Aim of the exercise ::
Pictures aside, can you reproduce the records word for word?
** Opening Data for this task block **
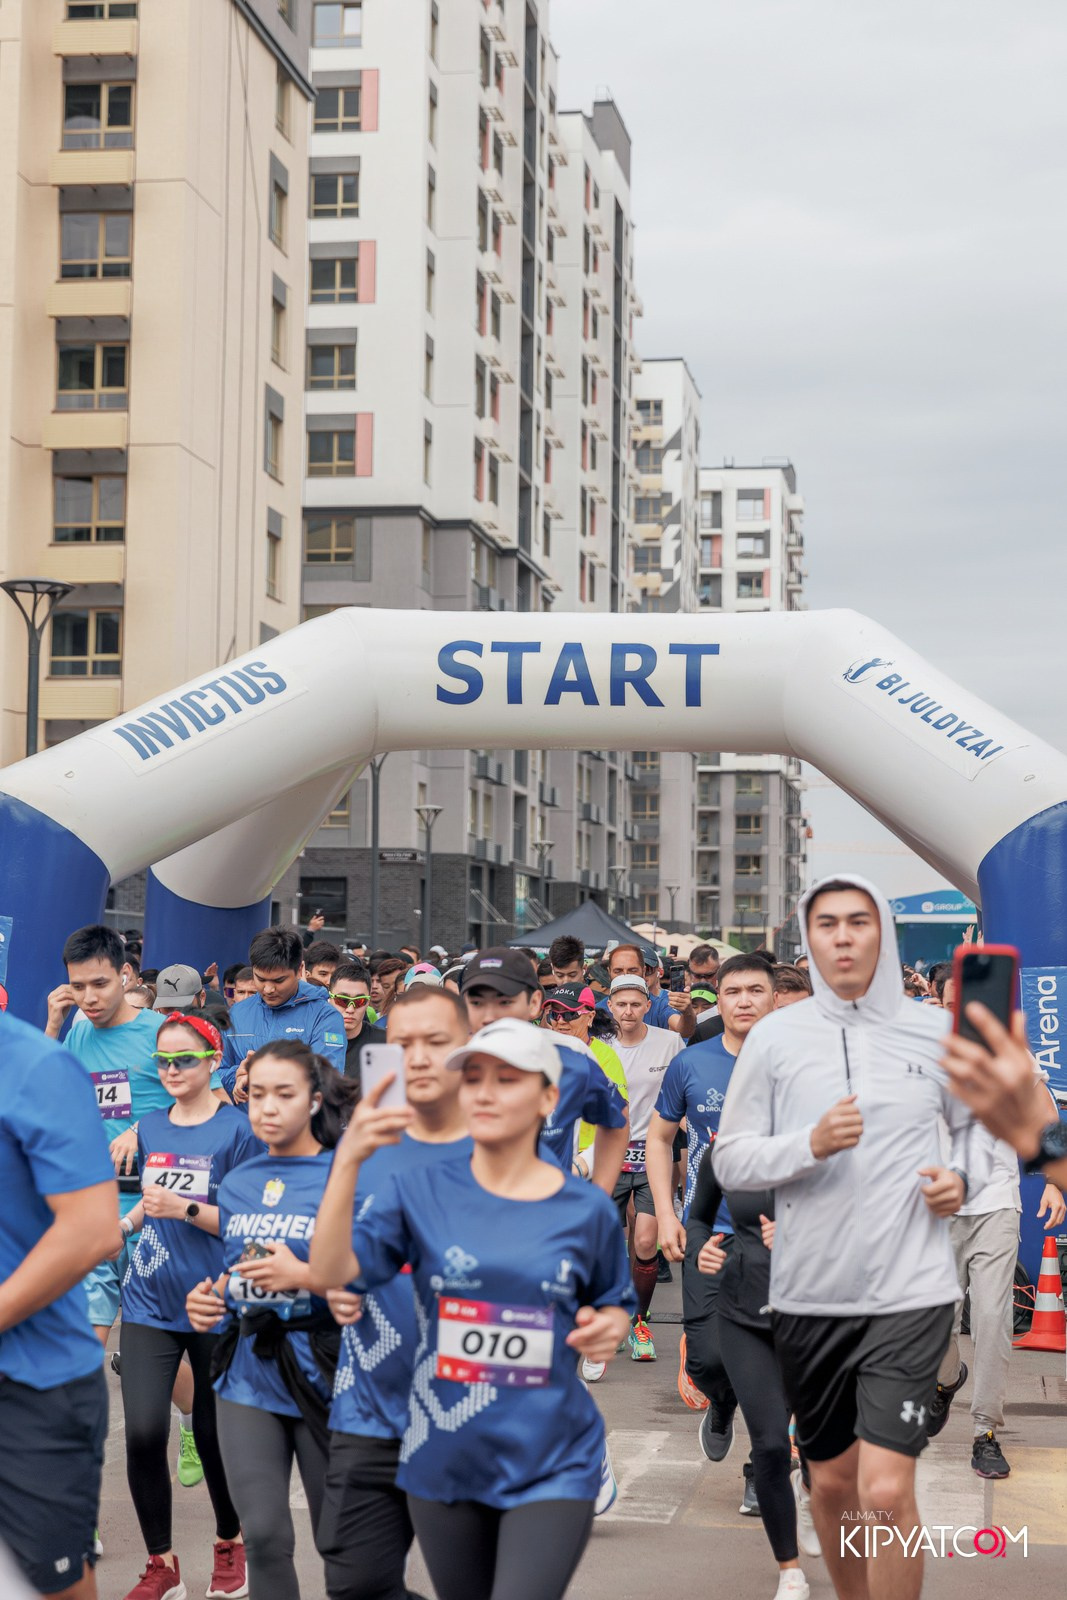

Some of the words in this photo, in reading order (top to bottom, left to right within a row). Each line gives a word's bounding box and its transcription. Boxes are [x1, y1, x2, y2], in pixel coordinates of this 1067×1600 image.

[436, 640, 720, 707] START
[112, 661, 287, 761] INVICTUS
[875, 673, 911, 696] BI
[897, 692, 1004, 760] JULDYZAI
[934, 903, 962, 911] GROUP
[1035, 975, 1061, 1069] Arena
[154, 1171, 195, 1190] 472
[462, 1331, 527, 1360] 010
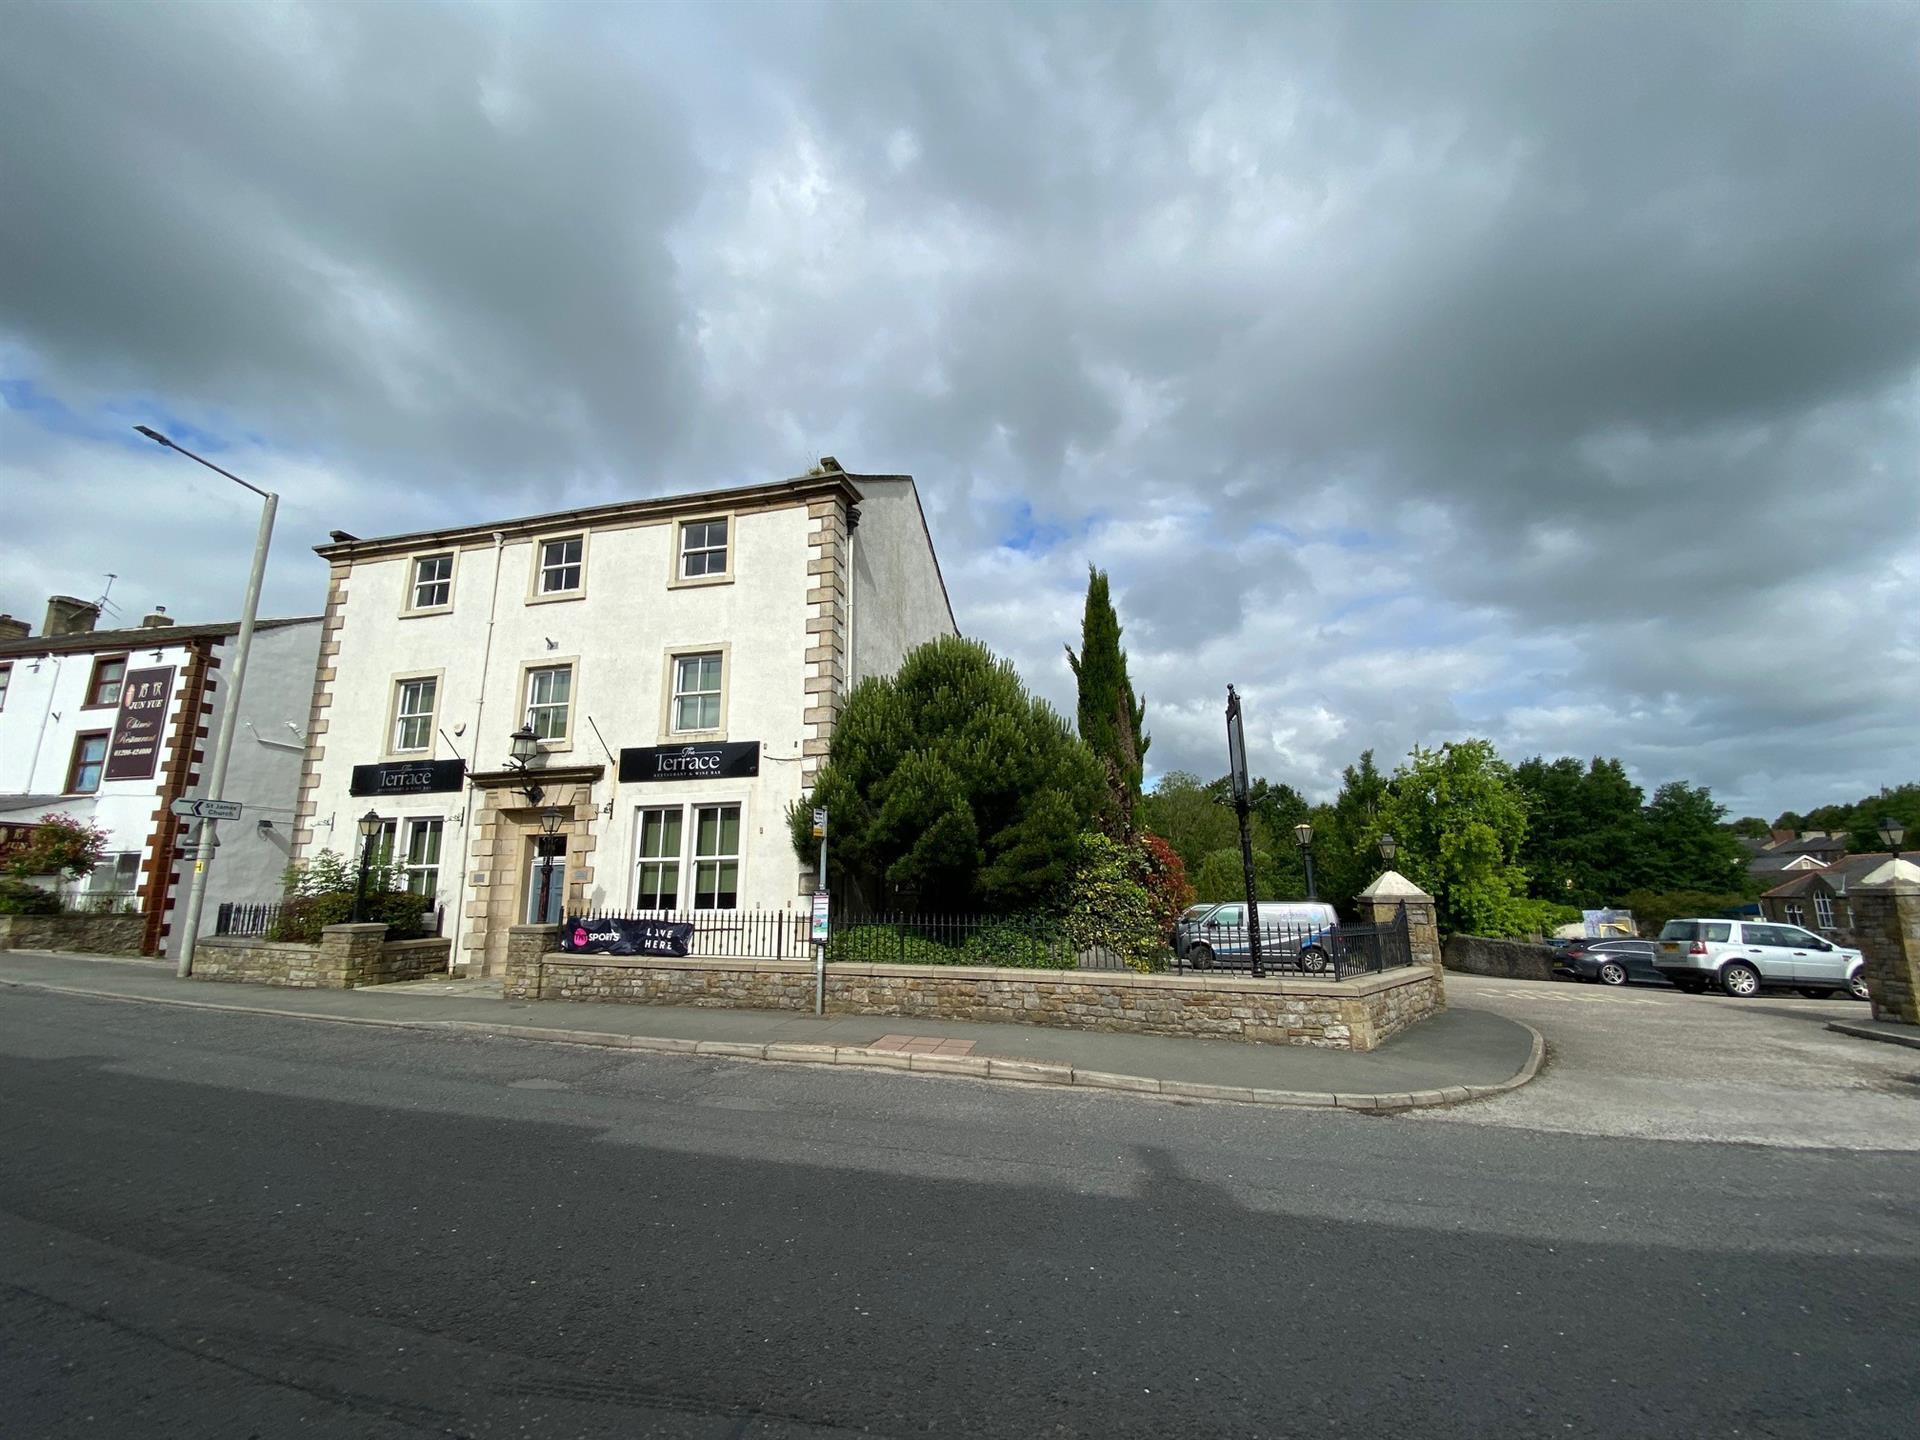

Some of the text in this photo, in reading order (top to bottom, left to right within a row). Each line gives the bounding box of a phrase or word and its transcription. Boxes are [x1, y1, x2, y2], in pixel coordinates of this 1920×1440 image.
** Closing Data for this task block **
Expected answer ::
Some of the words in this photo, in reading order (top to bottom, left to right within a row). Each line gives a word's bounding box and its transcription. Boxes are [x1, y1, x2, y2], in pixel coordinates of this 1067×1600 image.

[436, 640, 720, 707] START
[112, 661, 287, 761] INVICTUS
[875, 673, 911, 696] BI
[897, 692, 1004, 760] JULDYZAI
[934, 903, 962, 911] GROUP
[1035, 975, 1061, 1069] Arena
[154, 1171, 195, 1190] 472
[462, 1331, 527, 1360] 010

Some of the text in this photo, in reading order (top to bottom, left to right within a row). Each line gives the bounding box of a phrase or word and its transcription. Boxes are [x1, y1, x2, y2], in pixel coordinates of this 1920×1440 image.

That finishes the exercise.